Increases in maternal depressive symptoms during pregnancy and infant cortisol reactivity: Mediation by placental corticotropin-releasing hormone.

Abstract

Maternal depressive symptoms in pregnancy may affect offspring health through prenatal programming of the hypothalamic-pituitary-adrenal (HPA) axis. The biological mechanisms that explain the associations between maternal prenatal depressive symptoms and offspring HPA axis regulation are not yet clear. This pre-registered investigation examines whether patterns of maternal depressive symptoms in pregnancy are associated with infant cortisol reactivity and whether this association is mediated by changes in placental corticotropin-releasing hormone (pCRH).

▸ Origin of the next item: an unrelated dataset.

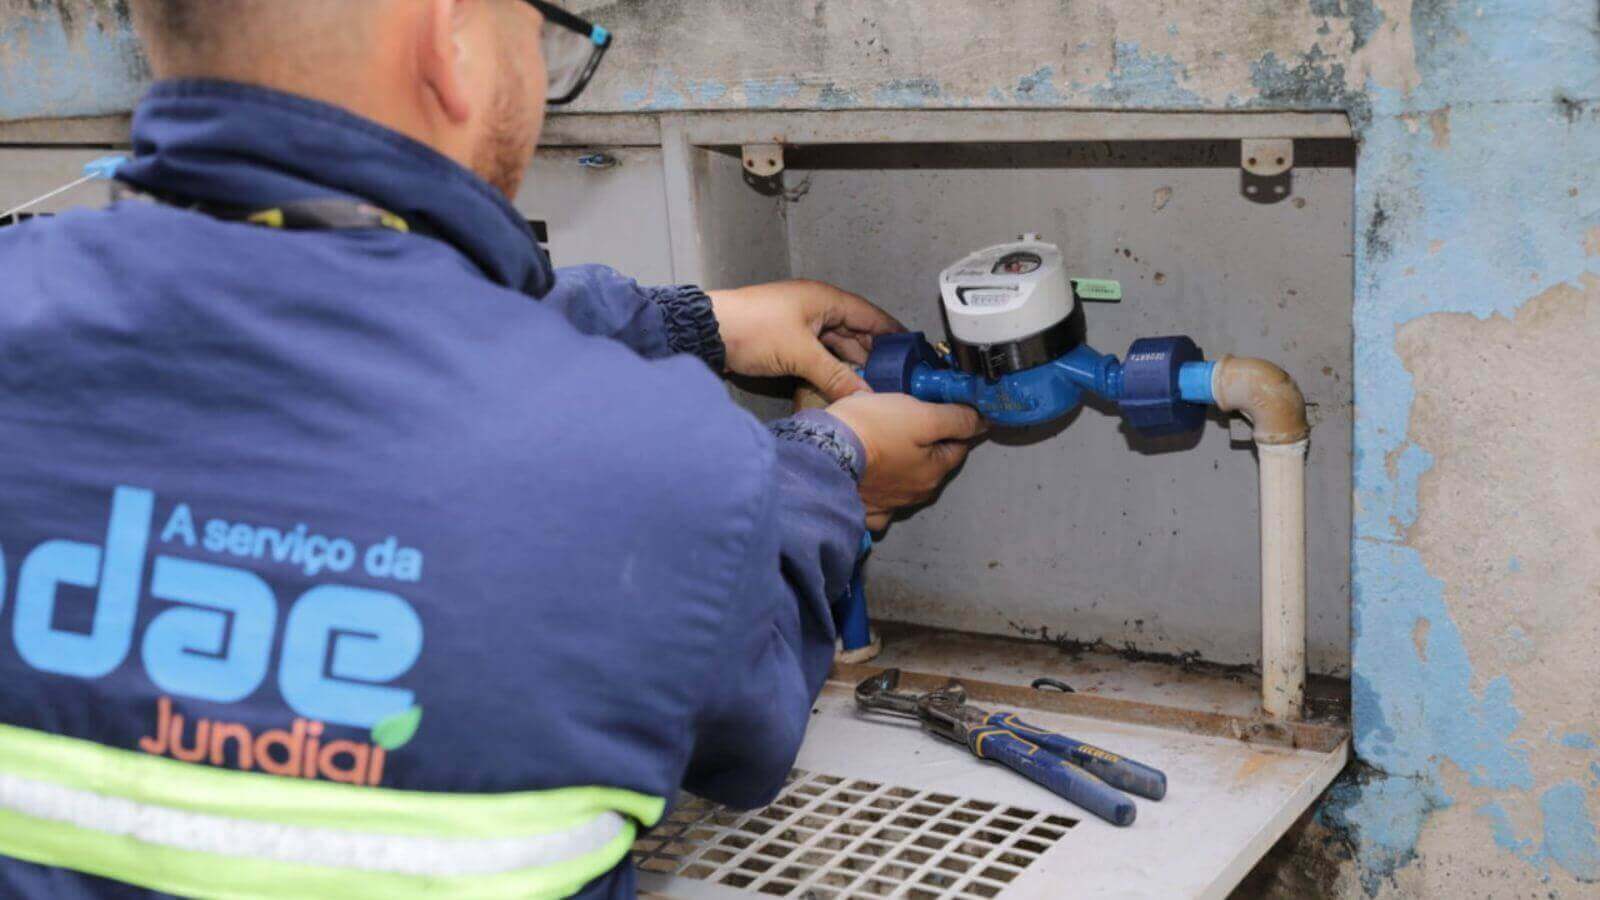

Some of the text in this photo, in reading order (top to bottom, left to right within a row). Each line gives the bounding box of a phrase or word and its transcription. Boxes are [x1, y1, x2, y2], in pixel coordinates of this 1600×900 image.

[161, 502, 424, 583] A serviço da

A sample of 174 pregnant women completed assessments in early, mid, and late pregnancy that included standardized measures of depressive symptoms and blood samples for pCRH. Infant cortisol reactivity was assessed at 1 and 6 months of age. Greater increases in maternal depressive symptoms in pregnancy were associated with higher cortisol infant cortisol reactivity at 1 and 6 months. Greater increases in maternal depressive symptoms in pregnancy were associated with greater increases in pCRH from early to late pregnancy which in turn were associated with higher infant cortisol reactivity. Increases in maternal depressive symptoms and pCRH over pregnancy may contribute to higher infant cortisol reactivity. These findings help to elucidate the prenatal biopsychosocial processes contributing to offspring HPA axis regulation early in development.